In Japan, Stanford architecture students explore design ancient and recent
Beverly Choe's design team takes home the Citizen Award in the mobile pavilion competition and the students return feeling like international citizens.
Being able to visit the sacred Shinto Ise Grand Shrine in Japan during a rebuilding year happens only once every 20 years. Combine that experience with participation in a workshop to design a school in tsunami-ravaged Ogatsu and a competition to build a mobile artist pavilion of the future and you’ve got yourself an opportunity of a lifetime.
That opportunity was realized by a delegation of three students and faculty lecturer Beverly Choe from Stanford’s Architectural Design Program. The foursome attended “Community Week 2013: Material Equilibrium,” an international conference organized by the Dhillon Marty Foundation and the University of Tokyo.
The foundation hosted 45 participants from 16 countries, representing 10 universities, for an immersive week of culture, art, design and engagement with issues surrounding social and environmental sustainability in Japan. Community Week 2013 was the first in an annual series of events presented by the Dhillon Marty Foundation using art and design to connect the global community with local issues.
The week featured four key events. First was a visit to the Ise Jingu Shrines during this important 62nd rebuilding year. The participants observed 75 craftspeople meticulously rebuilding the shrines, which they do every 20 years. Using both traditional and modern tools, the craftspeople demonstrated a reverence for the local materials and process as well as the centuries-old design.
The second key event of the week was a visit to the epicenter of the 2011 Tōhoku earthquake and tsunami. The participants engaged in a collaborative design workshop reimagining a multipurpose learning academy in a historic school that teaches sustainable practices in forestry, fishing and agriculture in the fishing village Ogatsu. Schools in the surrounding region will look to the academy as a model structure as they rebuild.
Architecture design student Maria Rotello, ’15, said of the workshop, “Meeting with people from the community and doing a little bit to help them was an exciting experience that I cannot forget. The enthusiasm of the people was such a contrast to the physical destruction that nature inflicted. I was stunned.”

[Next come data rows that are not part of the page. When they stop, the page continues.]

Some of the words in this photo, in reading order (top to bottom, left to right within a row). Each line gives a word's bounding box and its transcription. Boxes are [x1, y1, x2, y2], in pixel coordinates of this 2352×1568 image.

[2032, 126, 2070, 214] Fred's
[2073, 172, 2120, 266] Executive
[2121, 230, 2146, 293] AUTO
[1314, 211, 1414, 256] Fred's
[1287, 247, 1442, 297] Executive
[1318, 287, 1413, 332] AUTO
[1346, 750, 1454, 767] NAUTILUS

Rotello determined that Community Week 2013 would be an excellent opportunity to learn about Japanese architecture and culture, but also a chance to meet and work with international architects that she admires. She was right on both counts.
Moving from design workshop to design competition, participants spent the next two days in the Kengo Kuma Lab in the School of Architecture at the University of Tokyo speed-designing mobile pavilions to house artists and scholars. Students and faculty from the various schools mixed and matched to work together in small design teams.

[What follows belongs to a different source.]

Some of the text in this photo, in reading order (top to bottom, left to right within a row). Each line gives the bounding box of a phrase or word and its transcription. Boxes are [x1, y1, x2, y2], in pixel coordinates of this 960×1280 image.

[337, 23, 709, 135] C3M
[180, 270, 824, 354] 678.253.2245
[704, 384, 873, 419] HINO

Choe and her team won the Citizen Award for “Local Kitchen,” which was inspired by the groundbreaking community kitchen project in San Francisco’s Mission District, La Cocina, where she was the project architect/manager while at Paulett Taggart Architects.
Working on an international team had its challenges, confessed Rotello, and she was often reduced to Pictionary communication: “I found myself trying to convey ideas and having only a pen and paper to my advantage. Sketching was the most productive mode of communication.”
Despite or inspired by the communication challenge, Rotello found the competition rewarding. “I am really excited to have some of the contacts that I have now. I am definitely interested in the University of Tokyo as a potential grad school destination.”
The week of activities, which also included workshops with Noh theater masters, a tea ceremony and an ikebana demonstration, closed with a summary symposium on the Community Week topics.
“Throughout the week, we discussed and debated differing attitudes toward nature,” said Choe. “We were able to compare the results of a predictable cycle, such as the 20-year cycle of deconstruction and construction at Ise, against an unpredictable cycle such as the tsunami-scarred fishing village of Ogatsu.
“The group also developed an appreciation for the studied role of impermanence and imperfection in Japanese aesthetics. Whether viewing buildings, a tea ceremony or learning about the art of ikebana, students noticed how a deferential attitude toward nature influenced the culture of making. The Japanese attention to detail, ritual and pursuit of an elevated aesthetic order were eye-opening and inspiring for the participants.”